そのような民族の文化としてのタトゥーとは別に、近頃オーストラリアで大流行なのは、ファッションとしてのタトゥーである。マオリの伝統的なタトゥーのデザインも人気なんだそうだ。マオリとは関係ない人たちが、ただファッションとしてマオリの図柄を彫るというのは、いかがなものか...。

マオリ伝統のタトゥー「モコ」の例

さあて、ここからが今日の本題!

娘のサチは、現在14歳。ゴスファッションと不気味&恐ろしげ系カルチャーにますます傾倒するサチだが、タトゥーにも大いに興味がある。

先日、プライスラインというお店でシールになったタトゥーを買い、左肩と足首に念願のタトゥーを入れた。
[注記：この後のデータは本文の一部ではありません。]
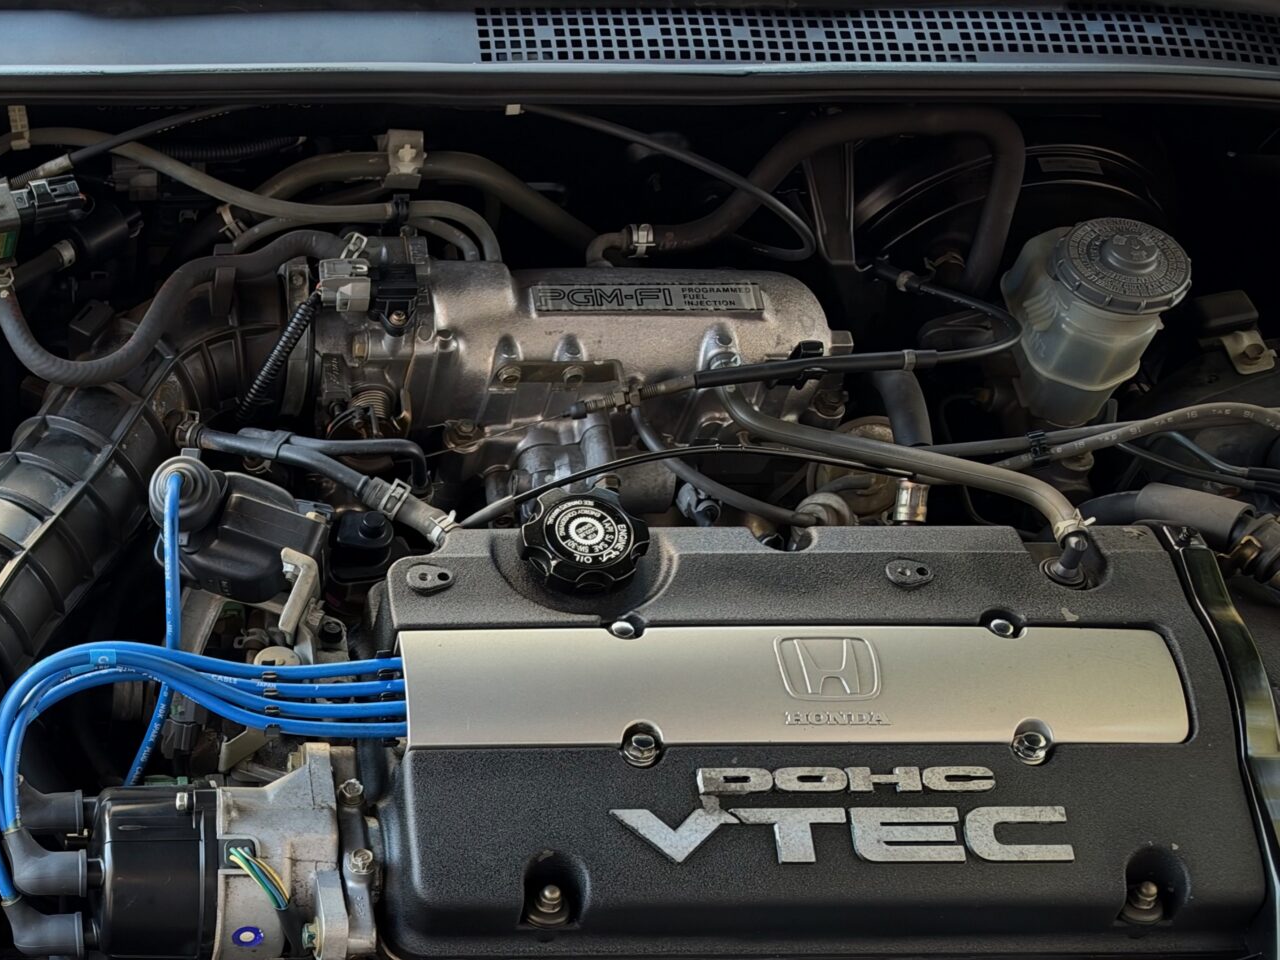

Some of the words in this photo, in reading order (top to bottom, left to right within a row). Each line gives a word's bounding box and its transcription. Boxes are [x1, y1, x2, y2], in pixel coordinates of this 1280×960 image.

[538, 288, 673, 307] PGM-FI
[592, 541, 608, 553] SAE
[613, 524, 628, 552] ENGINE
[573, 553, 592, 564] OIL
[784, 711, 892, 726] HONDA
[697, 766, 996, 793] DOHC
[608, 805, 1075, 863] VTEC
もちろん、皆さんよくご存知の「水で濡らして貼り付けるタイプ」のものだから、だんだん剥がれて来ていつかは取れる...はずなのだけど、近頃の商品は品質もよろしいようで2週間以上たってもきれいなままだ。

これが、サチの左肩のタトゥー。


ところが、昨晩のこと。夕食の後に、サチと夫がなにやら話し込んでいる。耳を澄まして聞いていると、タトゥーの話をしている。タトゥーの仕組み、いかにして皮膚に永久的に色をつけるか、避けるべきタトゥー、タトゥーをいれた場合の問題点...。

(なんで、そんな話をしているの?まさか...)

キッチンで洗い物をしながら聞いていると、サチが私のところにやって来た。

「じゃあ、お母さんはどう思うの?タトゥーを入れることについて」

(きたーぁ!)

なぜかパニックる私。なんだか、避けたかった話題がついに持ち上がってしまったという感じのショックで狼狽する...。

つまり、私の心の奥底の本音として、「娘にタトゥーを入れて欲しくない」という気持ちがあったということなんですね。
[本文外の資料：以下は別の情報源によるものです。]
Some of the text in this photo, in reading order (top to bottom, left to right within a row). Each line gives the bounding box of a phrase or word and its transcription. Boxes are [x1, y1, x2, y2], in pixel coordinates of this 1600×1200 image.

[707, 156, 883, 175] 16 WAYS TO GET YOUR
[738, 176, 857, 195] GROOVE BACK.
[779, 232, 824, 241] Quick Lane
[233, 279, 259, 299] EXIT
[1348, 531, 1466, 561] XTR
ああ、しかし、娘の人生は彼女が好きなように生きていけばよいとも思うから、ここは冷静に、本音は本音として私の気持ちを話し、様々な異なるカルチャーにおいて入れ墨をしていることのハンディキャップや問題点もちゃんと理解した上で決めてもらいたいと話しました。

まだ14歳だから、入れ墨をすると決めたところでまだ実際にはできませんから。

あぁ...こりゃぁ、そのうち鼻輪や舌ピアスをやりたいと言い始めるんじゃないかと思うと、お母さんは複雑です...。